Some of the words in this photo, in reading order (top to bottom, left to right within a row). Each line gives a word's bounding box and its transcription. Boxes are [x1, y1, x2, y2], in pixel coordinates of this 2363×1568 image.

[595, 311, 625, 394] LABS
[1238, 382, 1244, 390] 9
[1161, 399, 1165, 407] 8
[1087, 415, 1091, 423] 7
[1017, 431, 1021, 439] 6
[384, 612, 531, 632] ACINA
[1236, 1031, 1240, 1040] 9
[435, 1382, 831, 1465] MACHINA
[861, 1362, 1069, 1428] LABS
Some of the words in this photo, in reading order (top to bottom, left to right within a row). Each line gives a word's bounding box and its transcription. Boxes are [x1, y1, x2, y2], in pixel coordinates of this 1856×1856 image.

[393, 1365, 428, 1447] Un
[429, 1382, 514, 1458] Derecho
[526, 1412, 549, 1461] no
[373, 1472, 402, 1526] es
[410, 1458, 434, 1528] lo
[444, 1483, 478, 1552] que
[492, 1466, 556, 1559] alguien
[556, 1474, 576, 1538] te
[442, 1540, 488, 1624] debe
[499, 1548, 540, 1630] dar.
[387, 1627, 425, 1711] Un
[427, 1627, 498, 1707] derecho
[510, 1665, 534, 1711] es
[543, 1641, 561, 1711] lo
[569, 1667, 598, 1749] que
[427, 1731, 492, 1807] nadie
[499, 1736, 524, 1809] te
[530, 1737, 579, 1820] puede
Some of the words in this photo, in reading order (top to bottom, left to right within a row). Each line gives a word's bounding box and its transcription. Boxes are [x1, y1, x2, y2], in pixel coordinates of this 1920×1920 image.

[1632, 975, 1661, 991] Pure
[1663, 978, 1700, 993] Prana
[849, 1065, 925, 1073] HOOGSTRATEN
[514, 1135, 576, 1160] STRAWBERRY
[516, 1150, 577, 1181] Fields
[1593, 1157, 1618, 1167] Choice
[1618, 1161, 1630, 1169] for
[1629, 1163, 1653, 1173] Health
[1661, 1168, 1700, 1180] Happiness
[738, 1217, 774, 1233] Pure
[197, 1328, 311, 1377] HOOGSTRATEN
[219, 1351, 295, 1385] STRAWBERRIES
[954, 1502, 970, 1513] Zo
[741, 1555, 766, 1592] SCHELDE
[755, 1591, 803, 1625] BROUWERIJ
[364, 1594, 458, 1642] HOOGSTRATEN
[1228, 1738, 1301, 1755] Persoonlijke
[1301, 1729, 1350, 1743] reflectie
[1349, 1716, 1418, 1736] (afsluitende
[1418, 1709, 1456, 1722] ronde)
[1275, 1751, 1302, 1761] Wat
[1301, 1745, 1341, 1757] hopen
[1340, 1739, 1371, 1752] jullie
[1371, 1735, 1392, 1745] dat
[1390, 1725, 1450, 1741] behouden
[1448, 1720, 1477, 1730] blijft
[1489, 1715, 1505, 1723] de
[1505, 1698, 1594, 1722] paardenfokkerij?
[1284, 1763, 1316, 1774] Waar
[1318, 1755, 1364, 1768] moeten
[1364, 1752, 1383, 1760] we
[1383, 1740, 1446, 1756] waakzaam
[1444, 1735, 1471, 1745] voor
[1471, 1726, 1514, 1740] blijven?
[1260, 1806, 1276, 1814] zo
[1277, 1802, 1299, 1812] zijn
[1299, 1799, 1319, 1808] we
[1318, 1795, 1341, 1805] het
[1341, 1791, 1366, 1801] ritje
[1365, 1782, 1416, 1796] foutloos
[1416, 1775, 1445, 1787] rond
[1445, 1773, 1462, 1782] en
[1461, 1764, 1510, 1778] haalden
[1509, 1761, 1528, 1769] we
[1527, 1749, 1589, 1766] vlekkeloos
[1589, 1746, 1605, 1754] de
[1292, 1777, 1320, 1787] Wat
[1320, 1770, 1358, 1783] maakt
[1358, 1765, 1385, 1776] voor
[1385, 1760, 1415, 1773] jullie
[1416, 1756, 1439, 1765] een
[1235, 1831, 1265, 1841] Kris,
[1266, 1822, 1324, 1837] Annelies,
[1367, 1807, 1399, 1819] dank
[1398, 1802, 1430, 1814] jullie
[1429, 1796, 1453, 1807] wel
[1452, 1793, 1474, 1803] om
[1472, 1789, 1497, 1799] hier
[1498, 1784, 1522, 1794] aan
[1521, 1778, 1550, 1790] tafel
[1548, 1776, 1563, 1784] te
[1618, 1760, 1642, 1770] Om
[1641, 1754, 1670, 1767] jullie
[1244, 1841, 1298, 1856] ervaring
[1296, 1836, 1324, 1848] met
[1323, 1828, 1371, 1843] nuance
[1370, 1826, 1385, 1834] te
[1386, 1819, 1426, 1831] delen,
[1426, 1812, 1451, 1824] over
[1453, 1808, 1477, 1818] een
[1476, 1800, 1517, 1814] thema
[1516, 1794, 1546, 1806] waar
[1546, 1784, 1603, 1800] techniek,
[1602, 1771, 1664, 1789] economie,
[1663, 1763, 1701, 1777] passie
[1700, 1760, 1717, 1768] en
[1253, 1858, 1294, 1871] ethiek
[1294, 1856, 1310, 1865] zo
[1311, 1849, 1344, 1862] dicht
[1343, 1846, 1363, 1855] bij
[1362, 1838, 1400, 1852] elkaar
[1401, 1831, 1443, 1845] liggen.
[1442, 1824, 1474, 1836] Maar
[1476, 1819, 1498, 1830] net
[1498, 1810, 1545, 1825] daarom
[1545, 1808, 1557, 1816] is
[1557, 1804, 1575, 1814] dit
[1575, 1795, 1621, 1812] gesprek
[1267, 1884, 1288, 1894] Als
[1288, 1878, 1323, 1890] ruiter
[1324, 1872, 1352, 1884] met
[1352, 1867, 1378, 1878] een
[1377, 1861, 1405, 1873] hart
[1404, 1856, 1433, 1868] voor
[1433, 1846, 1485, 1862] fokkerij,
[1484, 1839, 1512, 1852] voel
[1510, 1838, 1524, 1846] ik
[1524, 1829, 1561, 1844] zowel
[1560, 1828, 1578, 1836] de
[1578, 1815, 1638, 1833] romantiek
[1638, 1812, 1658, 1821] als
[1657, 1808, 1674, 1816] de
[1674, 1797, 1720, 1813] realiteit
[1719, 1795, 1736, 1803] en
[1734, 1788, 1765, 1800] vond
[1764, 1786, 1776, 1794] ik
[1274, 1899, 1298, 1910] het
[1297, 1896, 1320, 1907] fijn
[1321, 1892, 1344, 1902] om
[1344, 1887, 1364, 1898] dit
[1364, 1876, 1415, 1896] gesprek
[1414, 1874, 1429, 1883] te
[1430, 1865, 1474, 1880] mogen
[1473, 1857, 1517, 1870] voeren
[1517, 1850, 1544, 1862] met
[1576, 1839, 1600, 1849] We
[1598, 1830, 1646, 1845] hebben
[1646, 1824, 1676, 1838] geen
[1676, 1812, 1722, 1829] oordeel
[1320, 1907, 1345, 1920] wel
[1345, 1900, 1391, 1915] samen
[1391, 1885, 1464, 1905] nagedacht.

--- --- ---

## Try it
Lines of the material that contain the word "HOOGSTRATEN" are to be gathered.

## Result
[849, 1065, 925, 1073] HOOGSTRATEN
[197, 1328, 311, 1377] HOOGSTRATEN
[364, 1594, 458, 1642] HOOGSTRATEN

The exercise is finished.